**** Data ****

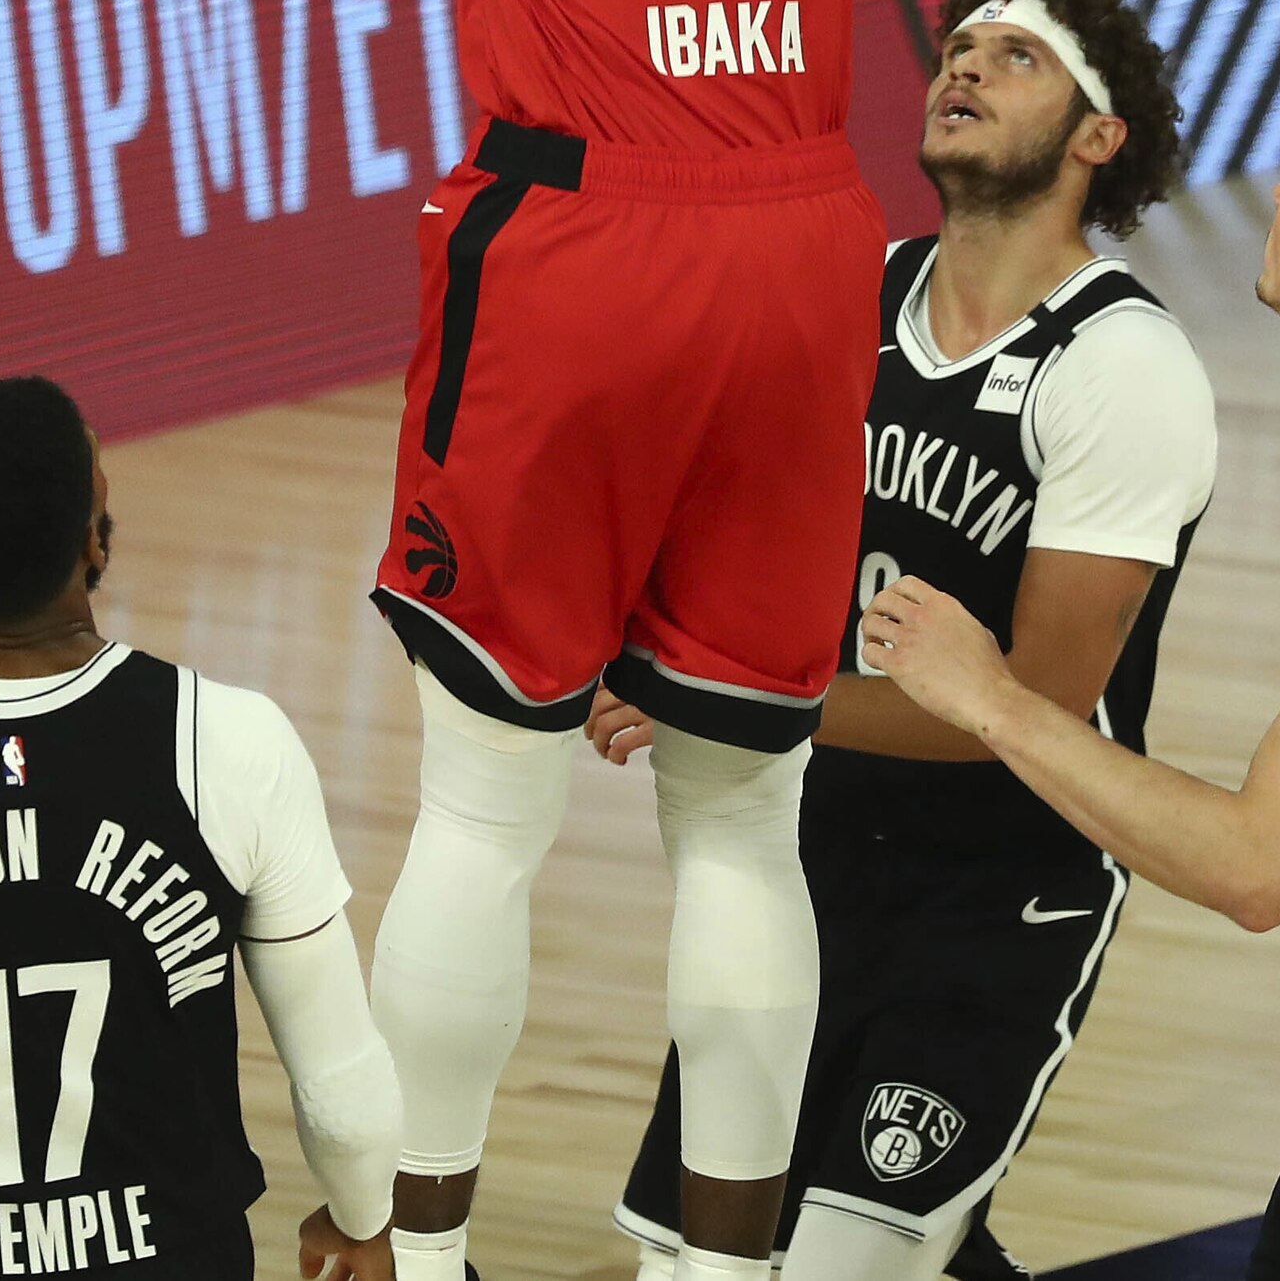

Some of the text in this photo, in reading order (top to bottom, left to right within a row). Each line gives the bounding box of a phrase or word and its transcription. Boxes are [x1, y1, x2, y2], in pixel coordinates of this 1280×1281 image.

[646, 0, 807, 79] IBAKA
[987, 373, 1025, 394] infor
[75, 819, 228, 1009] REFORM
[868, 1088, 958, 1148] NETS
[883, 1133, 908, 1166] B
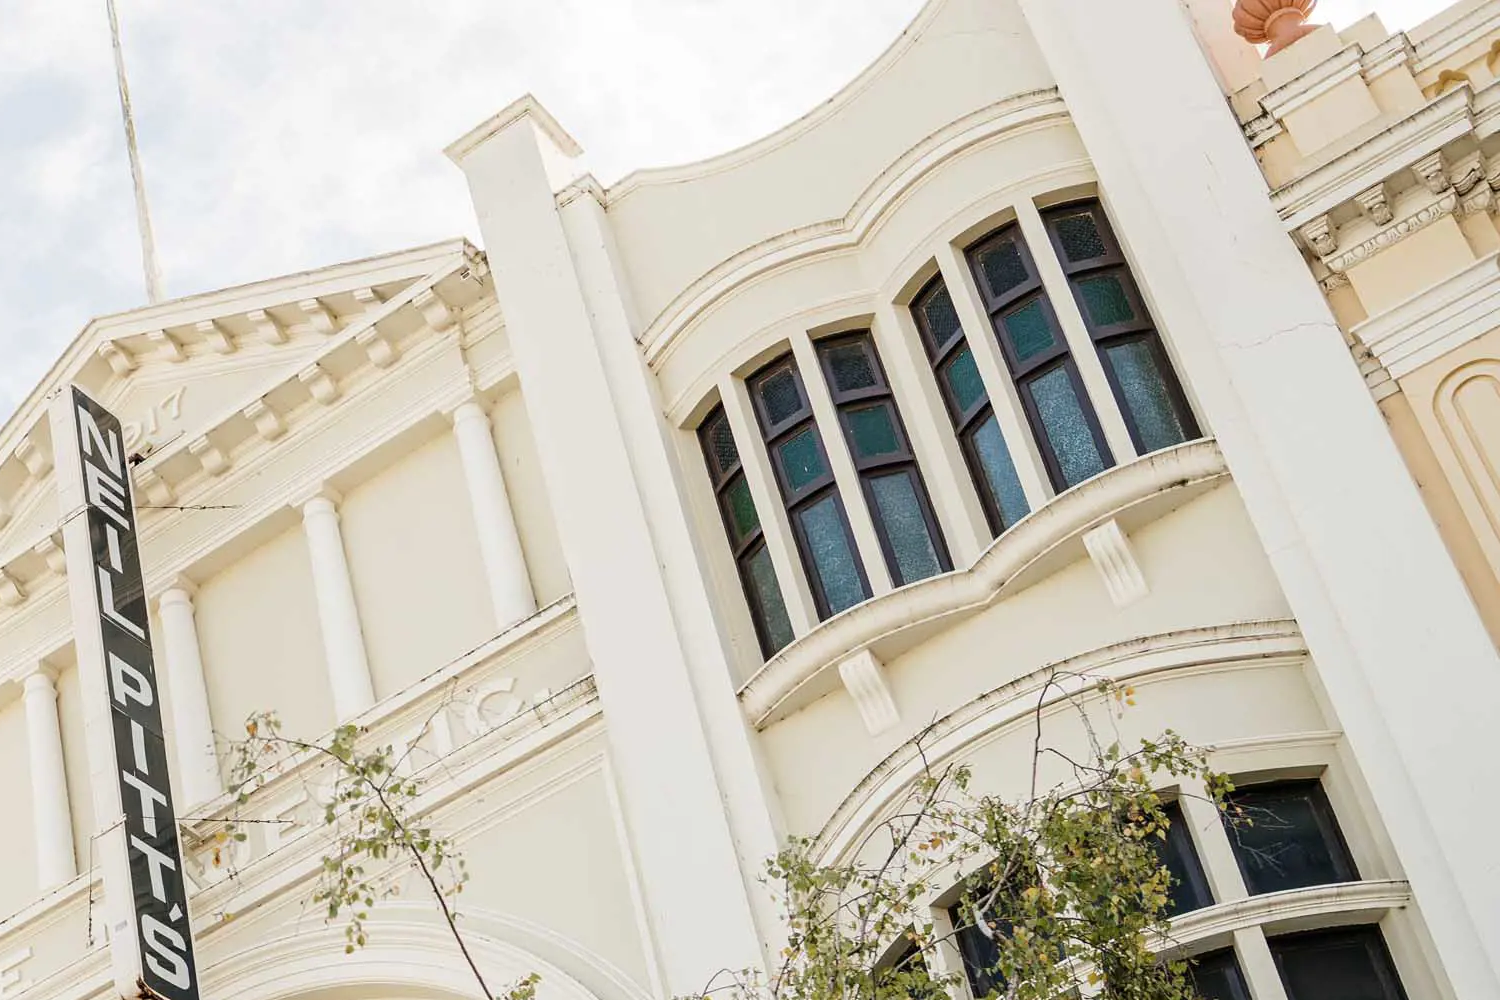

****

**How to complete this task**. Produce the data again character for character, with the images left out.

**Exercise result**.
Some of the text in this photo, in reading order (top to bottom, left to right within a row). Each line gives the bounding box of a phrase or word and its transcription. Boxes are [x1, y1, x2, y2], in pixel coordinates of this 1280×1281 image.

[646, 0, 807, 79] IBAKA
[987, 373, 1025, 394] infor
[75, 819, 228, 1009] REFORM
[868, 1088, 958, 1148] NETS
[883, 1133, 908, 1166] B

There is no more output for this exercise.